In the winter, Megumi is stricken with a cold which stubbornly lingers, and it turns into a hacking cough that seems to rattle his bones. The pharmacist prescribes him a bottle of over-the-counter cough syrup, and although Megumi's little face scrunches up in distaste whenever you coax the medicine into him, he swallows it obediently. You think he's only doing it for your benefit. He goes through one bottle. Then another. Both bottles have little effect.
A panicked Tsumiki calls you one night, her calm composure drowned out by the tears clogging her throat. Megumi can't breathe, she says; you can see her bottom lip quivering, her breaths taking on a wet, drowning quality. And he's asking for you and Gojo. The fear in her voice jolts you awake instantly. The haze of sleep slips from your shoulders and falls to the floor like a shawl. You can hear the sound of a dog barking in the background, and you realize that Megumi's throat has swollen until he can only breathe in shallow pants.
I'm coming, you tell her. You struggle to contain the panic filling up your eyes, your lungs, your heart, your mind. You lurch to a sitting position. You pull on a jacket, shove your feet into your shoes. The breath shoots from your lungs in hard bursts.
You call Satoru with trembling fingers. Sometimes, it feels as though the two of you are children playing at parents, at being adults. The two of you are in high school, but you've as good as taken two children under your wing, yours in all but name. Questioning glances are slid your way whenever the two of you venture out with Megumi and Tsumiki in tow, assumptions and judgments made by people passing by in a blur of faces and features.
You're a coward. You don't dare to ask what this is. Why Satoru is playing family with you, and with two orphaned children. You don't dare to put a name to the emotions weighing down the air whenever you and Satoru spend time together. It's a fragile connection, and you don't dare break it.
Satoru picks up on the first ring, much to your relief. He's been known to dodge calls – but not from you, never from you. Satoru, you cry, the panic you feel seeping out into your voice. Megumi's sick, and I'm taking him to the hospital.
I'll meet you there, Satoru promises, and you take comfort from the quiet vow.
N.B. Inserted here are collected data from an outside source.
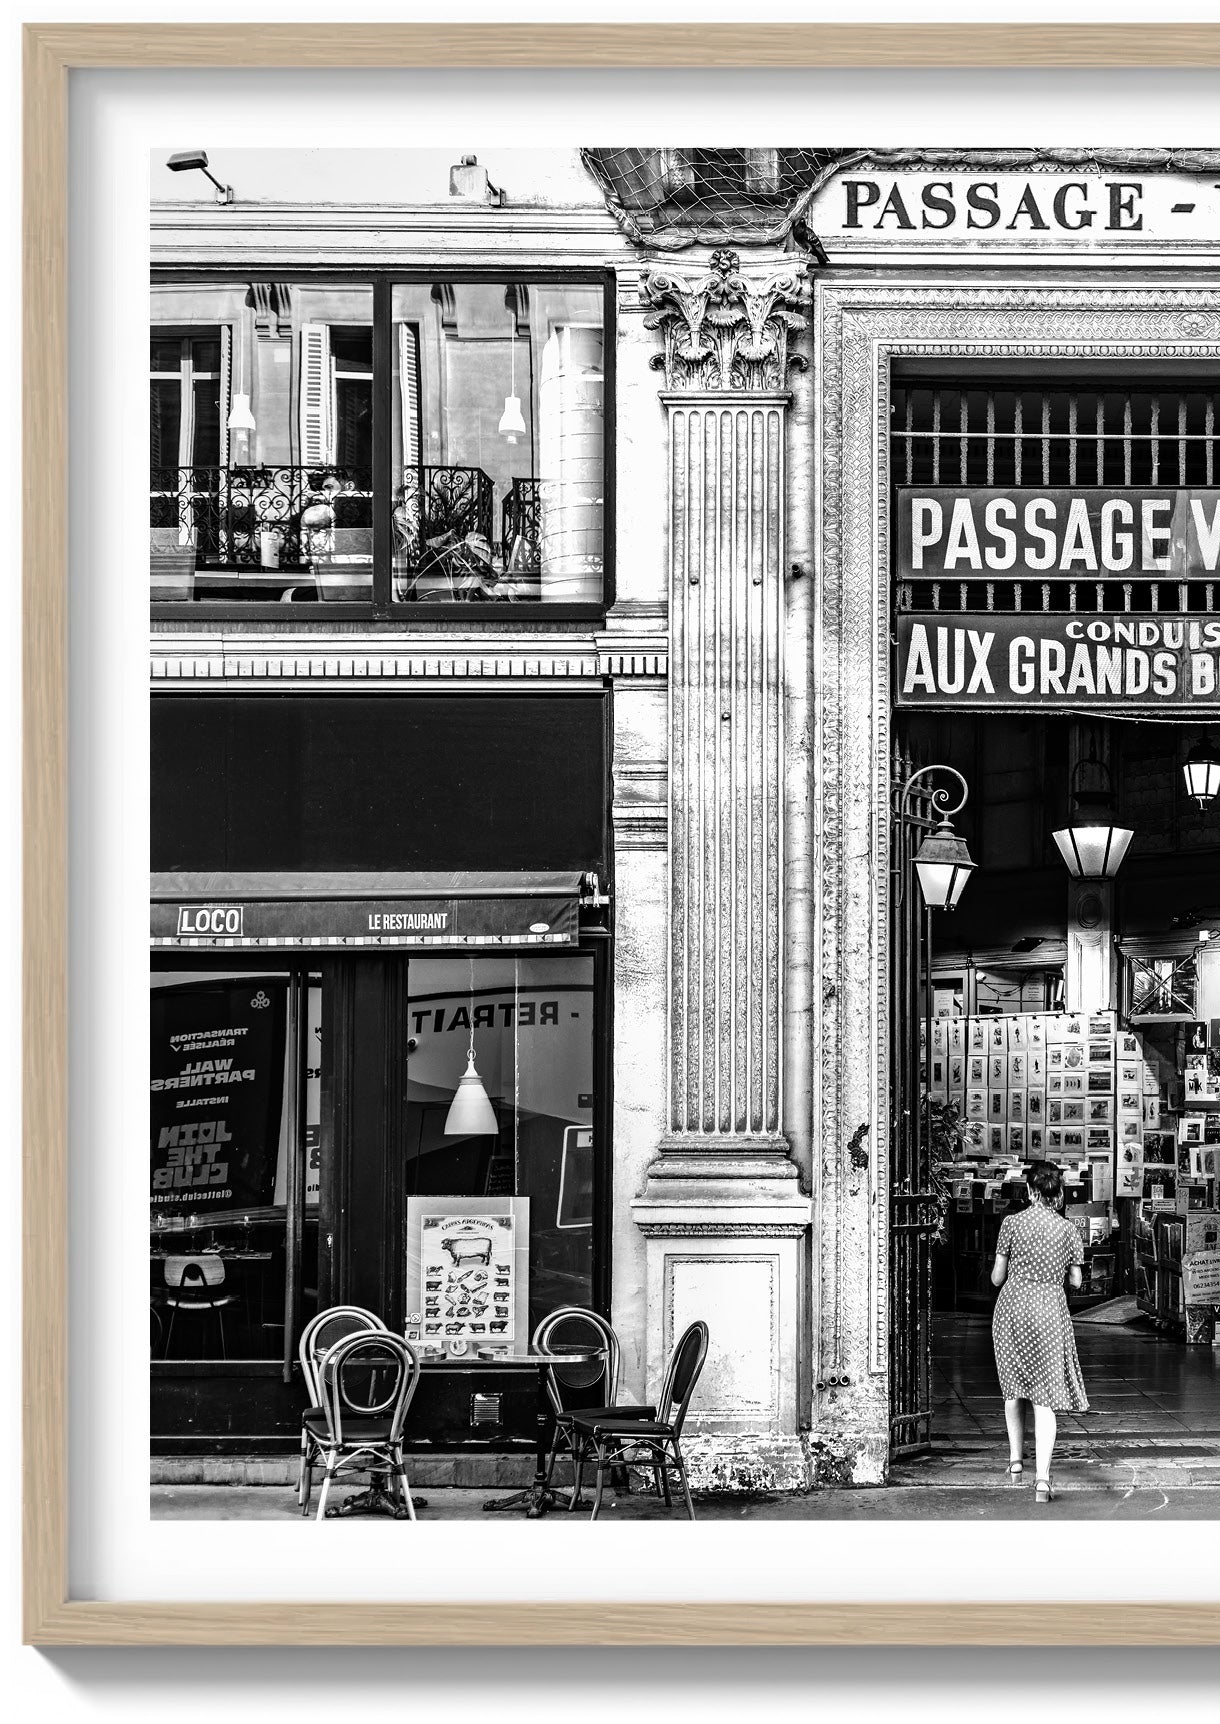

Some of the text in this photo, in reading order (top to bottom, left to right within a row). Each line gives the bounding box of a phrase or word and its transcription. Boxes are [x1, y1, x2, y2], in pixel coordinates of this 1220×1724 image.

[841, 181, 1145, 231] PASSAGE
[910, 497, 1173, 571] PASSAGE
[902, 623, 996, 696] AUX
[1008, 632, 1178, 696] GRANDS
[181, 907, 240, 934] LOCO
[368, 912, 447, 930] LE RESTAURANT
In a terror worse than anything you've ever known, you drive down to the house of your charges. Tsumiki's already bundled up in a pink princess coat, but it takes you time to change Megumi, who flutters in and out of consciousness, his skin scalding and his cheeks flushed an alarming shade of pink.
It's okay, you tell Tsumiki, sounding more confident than you feel. Everything's going to be okay. Satoru's meeting us at the hospital. It'll be okay.
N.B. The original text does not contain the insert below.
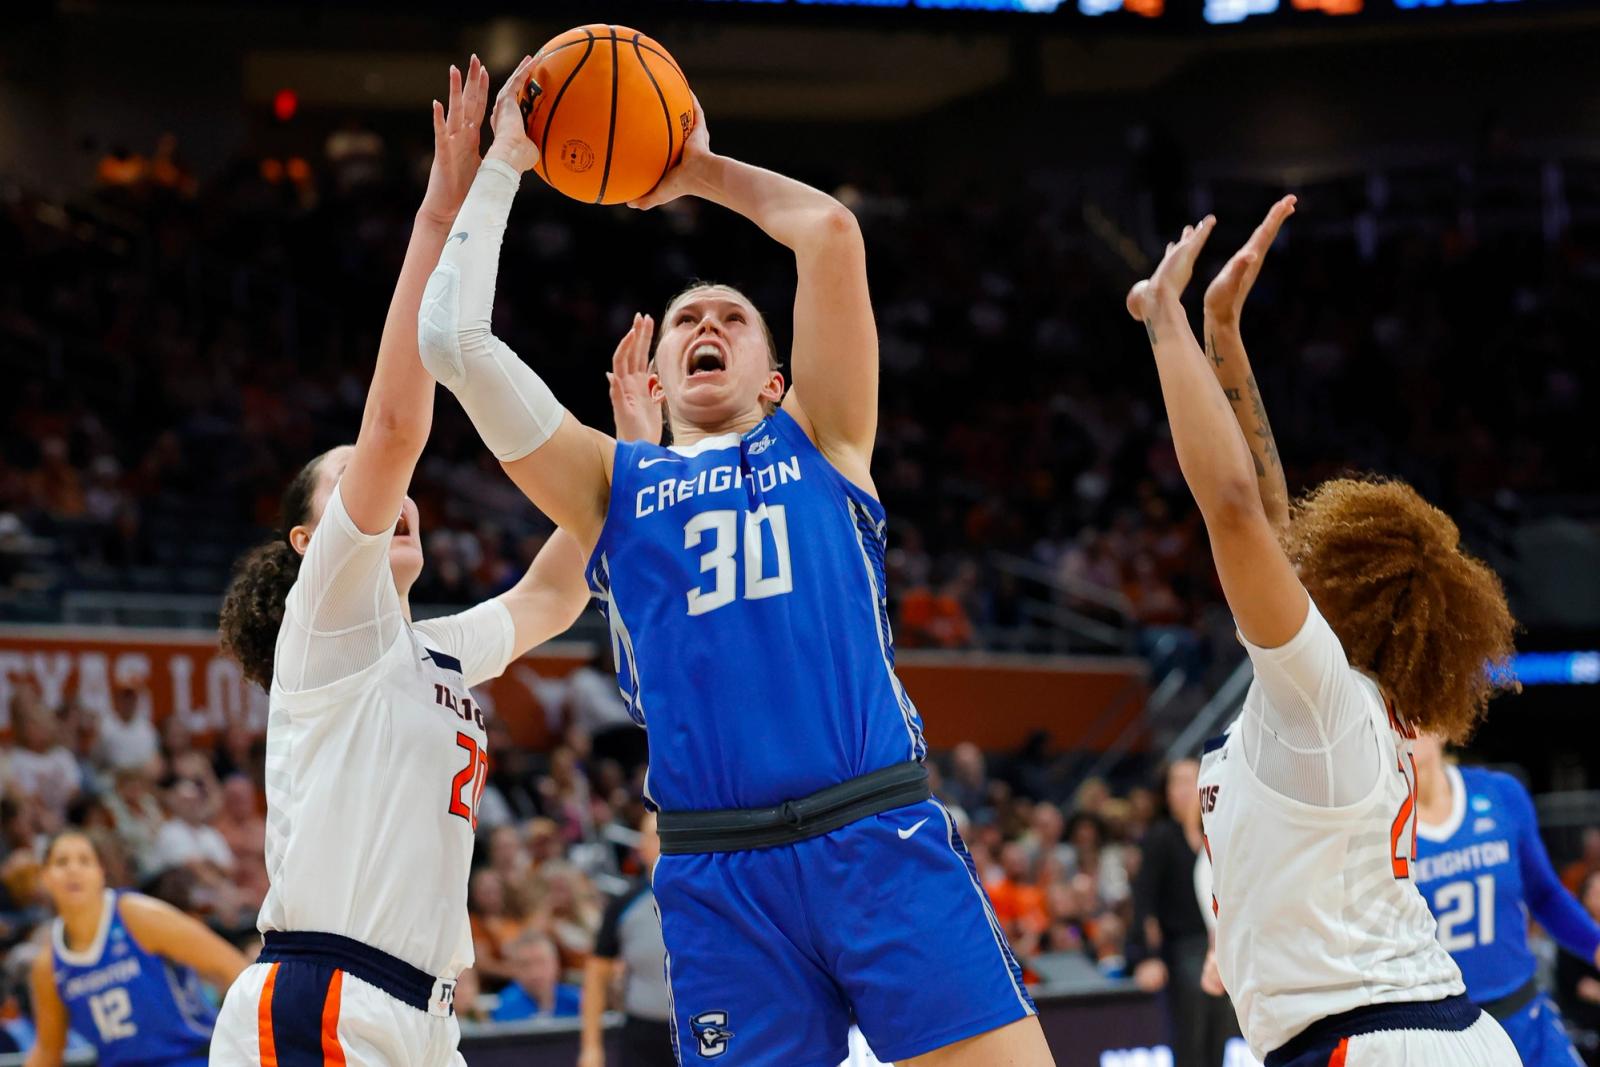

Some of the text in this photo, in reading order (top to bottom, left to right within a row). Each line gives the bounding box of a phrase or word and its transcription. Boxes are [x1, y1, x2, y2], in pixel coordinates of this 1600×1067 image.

[683, 503, 793, 616] 30
[448, 730, 488, 833] 20
[1433, 875, 1495, 950] 21
[90, 986, 137, 1043] 12
You scoop up Megumi, and usher both of them into the car. You must run at least a dozen red lights on your desperate drive down. You're sitting in the driver's seat, trying not to crash the car, trying to keep up a calm composure for the sake of the children in the backseat, but your heart is pounding, your stomach is sick.
You're scared Megumi won't make it.
True to his word, Satoru is there, pacing up and down restlessly, a restless energy radiating from his lanky frame. The sight of him fills you with relief. You have to set your jaw against the flurry of sobs threatening to erupt. He scoops Tsumiki into his arms; Tsumiki musters a faint smile for him, but her wide, wet eyes are still glued to Megumi, his face buried into your neck.
Thank you, you whisper to Satoru.
You needed me, he says, and it is as simple and as complicated as that. He lowers his forehead to yours, with the children cradled in between your bodies.
You turn your face until your mouth touches the smoothness of his skin. Satoru's breath catches. He doesn't move. Emboldened, seeking comfort now, you nuzzle into the pliancy of his cheek, the hardness of his jaw, loving the texture of him. You stay like that for precious few seconds, not quite kissing, suffused with each other's nearness.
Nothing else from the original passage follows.